Good health and happiness is wished for us all. xxxxx
Hi Kryssy--everyone has said it all already but the first thing I was going to say is that I have heard of ca125 rising before falling on Carbo/Caelyx for many. And its not a doubling so its a good sign. I envision you on your lounger in the garden and if I could have had that during my Carbo/Caelyx days, might have made it more pleasant! I also understand that first cry after unexpected news and its like letting off some of the steam too.

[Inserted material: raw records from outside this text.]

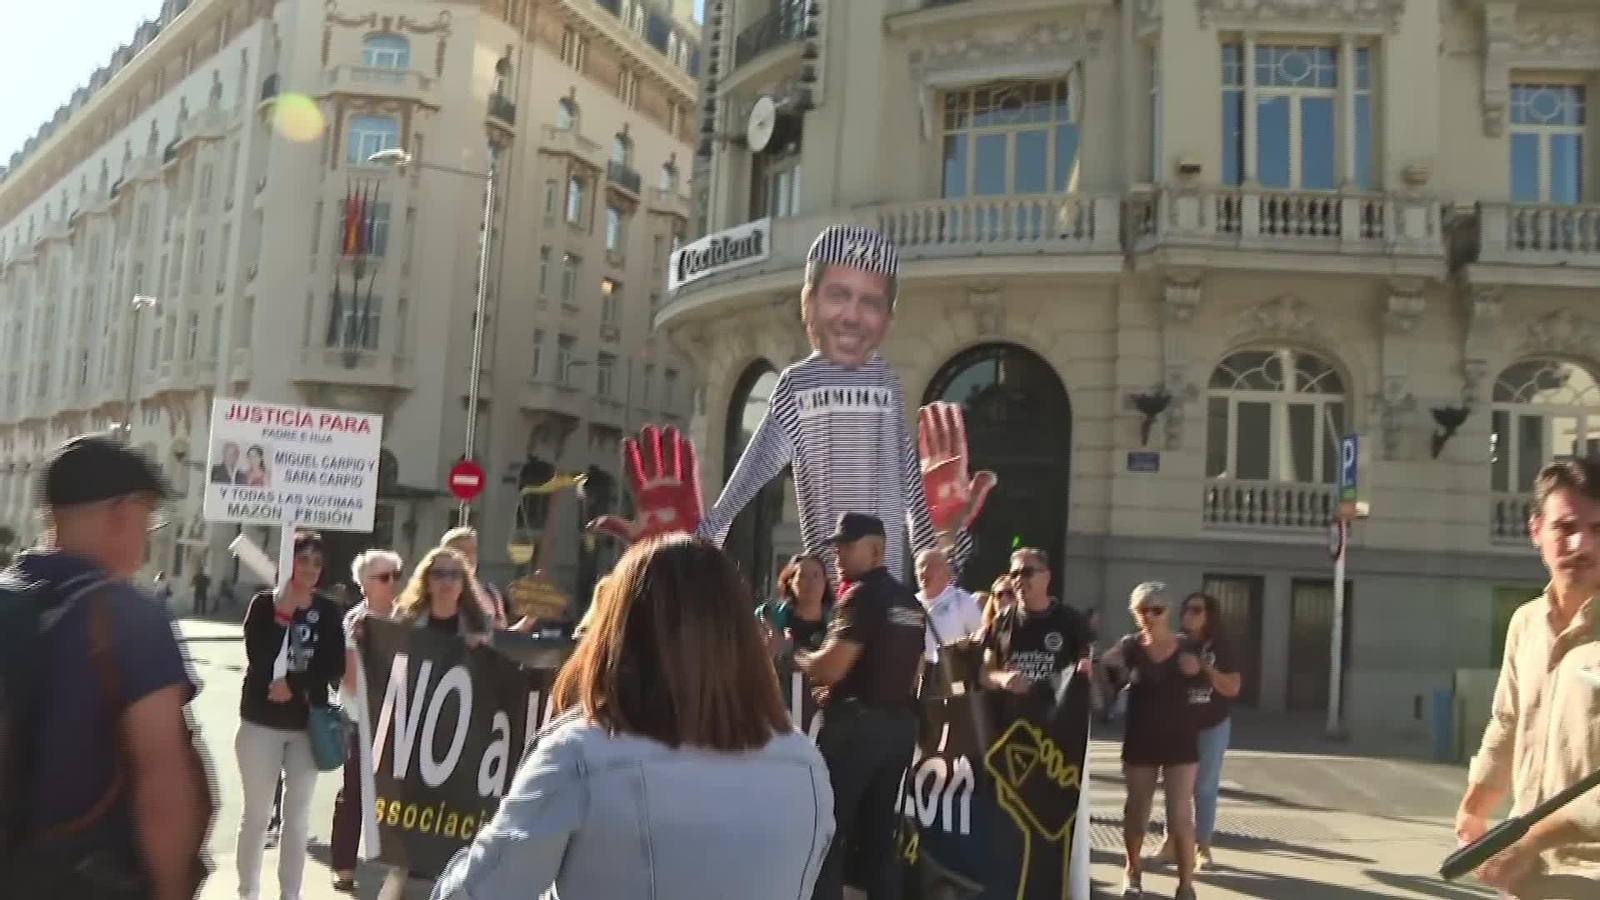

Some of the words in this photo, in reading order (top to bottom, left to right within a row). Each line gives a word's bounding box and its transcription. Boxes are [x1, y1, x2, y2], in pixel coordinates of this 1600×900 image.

[678, 228, 763, 281] Occident
[319, 413, 371, 434] PARA
[262, 428, 297, 441] PADRE
[300, 432, 307, 442] E
[309, 433, 334, 445] HIJA
[275, 450, 318, 468] MIGUEL
[320, 455, 365, 471] CARPIO
[367, 460, 375, 471] Y
[284, 468, 317, 484] SARA
[319, 471, 363, 488] CARPIO
[220, 486, 228, 499] Y
[232, 487, 275, 502] TODAS
[278, 491, 302, 505] LAS
[372, 653, 473, 787] NO
[477, 709, 511, 797] a

You bounce back quicker than most and quite impressive if you ask me.
This treatment also was more constipating for me that frontline so make sure--whether you poo or not--you take the stuff that helps you go--meaning take every day!
Thinking of you and waiting with you for your next readings.
I've done the unforgivable and had a google. Would have rather had a poo, but hey ho. I'm heartened by the fact that Dr Google says it's almost normal for numbers to increase at first so panic over. I'll not worry about it as my lymphs are my messenger and they are smaller. I only have a feel every few days otherwise it becomes obsessive so I checked this morning and they are the same. The lymph in my groin, which doc said wasn't cancerous according to the PET scan, has just about gone along with the ache it brought with it. I have slept most of today on and off and feel a bit wobbly but the fresh air has been a tonic, as well as the birdsong. All is to be disturbed now as hubby has spent all day fixing the mower and when he gets back from the pharmacy with some haemorrhoid cream (because I've got a sore botty from pushing out the rabbit poo), he's going to cut the grass and disturb my peace. He's quite upbeat about (possibly) fixing the mower so I hope he's not going to be disappointed. Fingers crossed for him and massive brownie points if he has done it.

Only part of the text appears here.